MARINE CORPS BASE CAMP LEJEUNE, N.C. --
Sgt. Yuri Astorga is not your typical Miami girl. She may be from there, but mini-skirts, high heels and sunglasses that cover half of her face were never really her style.
Since ninth grade, she has spent most of her life at the gym, training to have a fit body and compete as a female body builder.
“My best friend’s sister did competitions and I used to hang out at her house and I was always amazed by her muscles,” said Astorga. “So we started working out together and I did my first competition when I was in 10th grade. I placed third.”
Throughout high school, Astorga competed in several fitness and figure competitions, maintaining a strict diet and rigorous workout schedule.
Upon completion of high school, she was given the opportunity to take advantage of a soccer scholarship to Florida State University, but instead decided that she would make the Marine Corps her career path.
“(My father) was a retired (Chief Warrant Officer 5),” said Astorga. “I just wanted to follow in his footsteps.”
Now, as a corporal’s course instructor aboard Camp Johnson, she juggles her Marine Corps career along with preparing for her first bodybuilding competition, August 20, since joining the Marine Corps six years ago.
“I’ve always trained but I’ve never thought about competing because of the Marine Corps and my job,” said Astorga. “The Marine Corps comes first, but if I can do both then I’ll do it.”

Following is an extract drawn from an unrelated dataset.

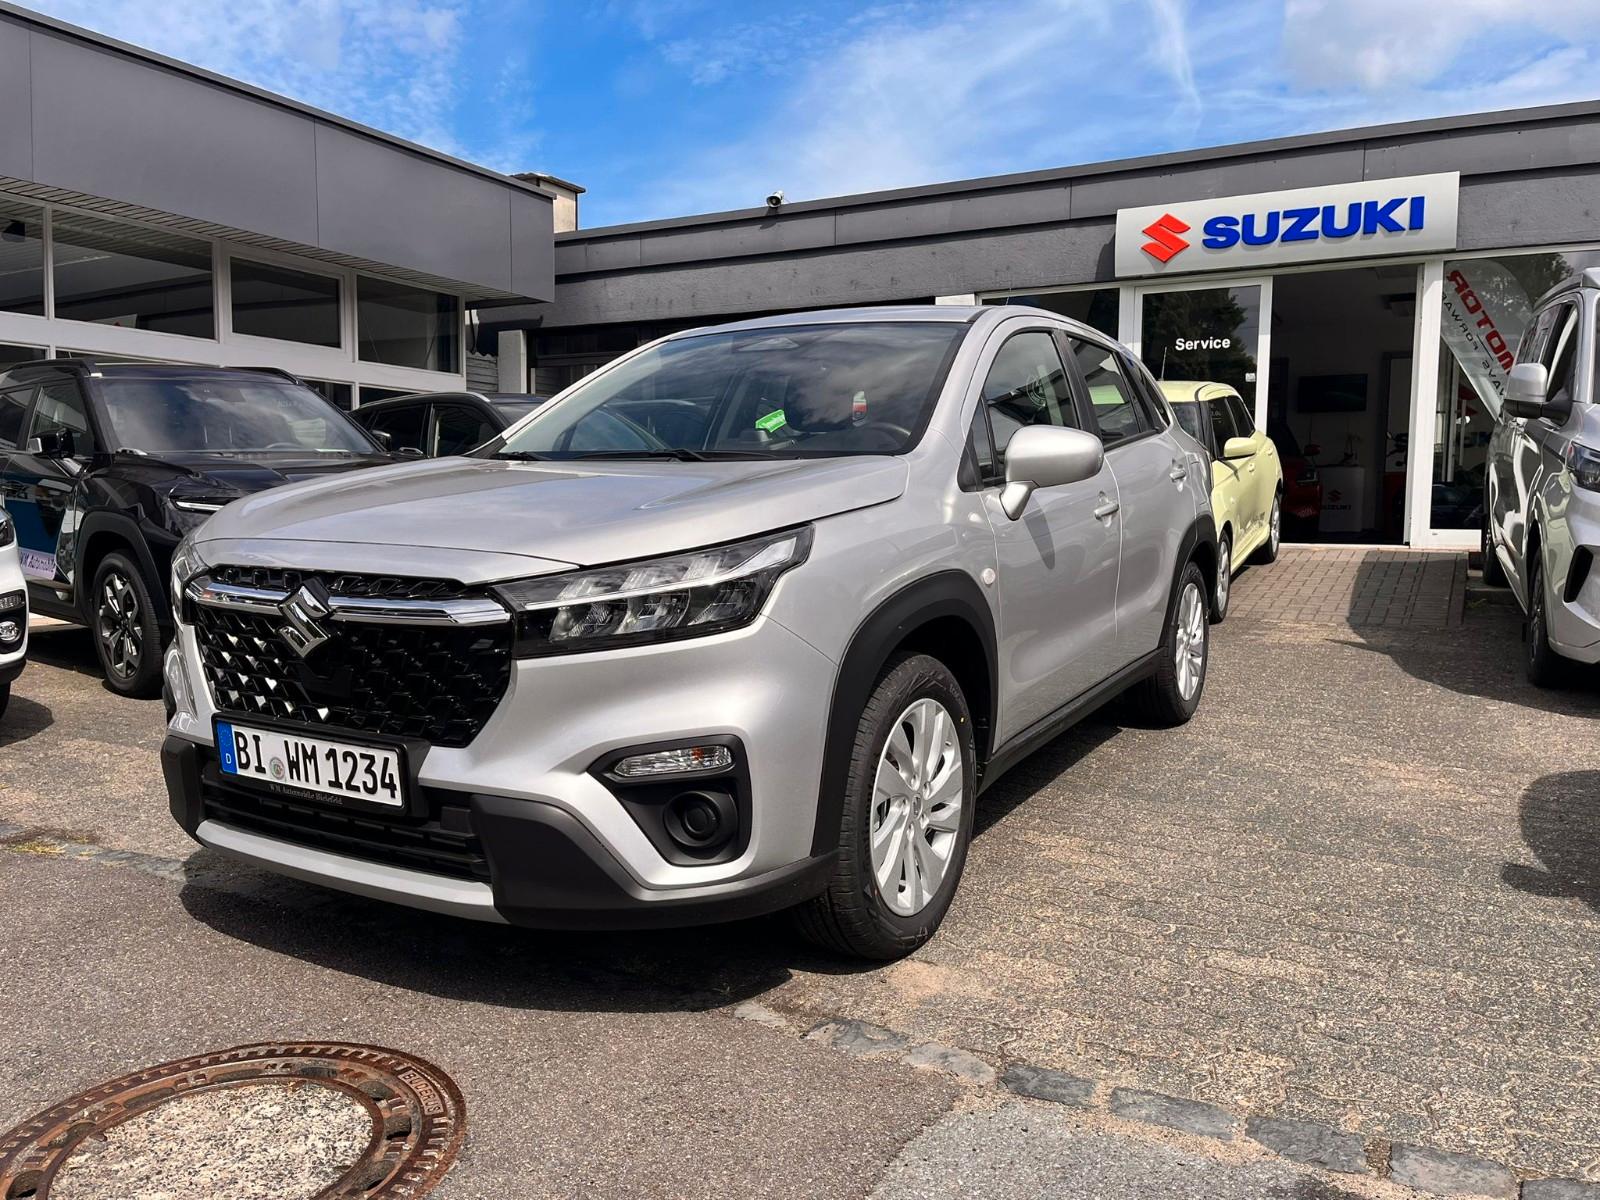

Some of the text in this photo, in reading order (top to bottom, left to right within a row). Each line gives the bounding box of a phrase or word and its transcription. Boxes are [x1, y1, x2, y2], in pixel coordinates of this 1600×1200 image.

As a corporal’s course instructor, Astorga provides junior noncommissioned officers with the skills necessary to lead Marines by teaching them warfighting skills, core values and basic Marine Corps knowledge. The course gives them the mindset necessary for effective leadership of a team and subordinate Marines.
“When they go back to their units, they will be better leaders and more versatile,” said Astorga. “We teach them how to make command decisions and make them good leaders. Instead of just sitting in the background and complaining, they’re doing something about it.”
But before breaking off her corporals every morning, she gets up early to slay herself in the gym. When she gets off work, she heads back for another two-to-three hour workout followed by posing practice.
Since recently deciding to get back into the bodybuilding world, Staff Sgt. Christopher Holmes, a combat instructor at the School of Infantry East aboard Camp Geiger, has taken her under his wing as her trainer and mentor.
“I hit a plateau,” said Astorga. “I felt like my muscles were used to my workout, my body was used to my diet and I decided I needed help so I called (Holmes). I was stuck and I was making no progress on my own, and then within a week, the definition in my muscles was showing up. In two weeks, he had me down five more pounds and more cut and now I’m pushing more weight and I’m losing more weight.”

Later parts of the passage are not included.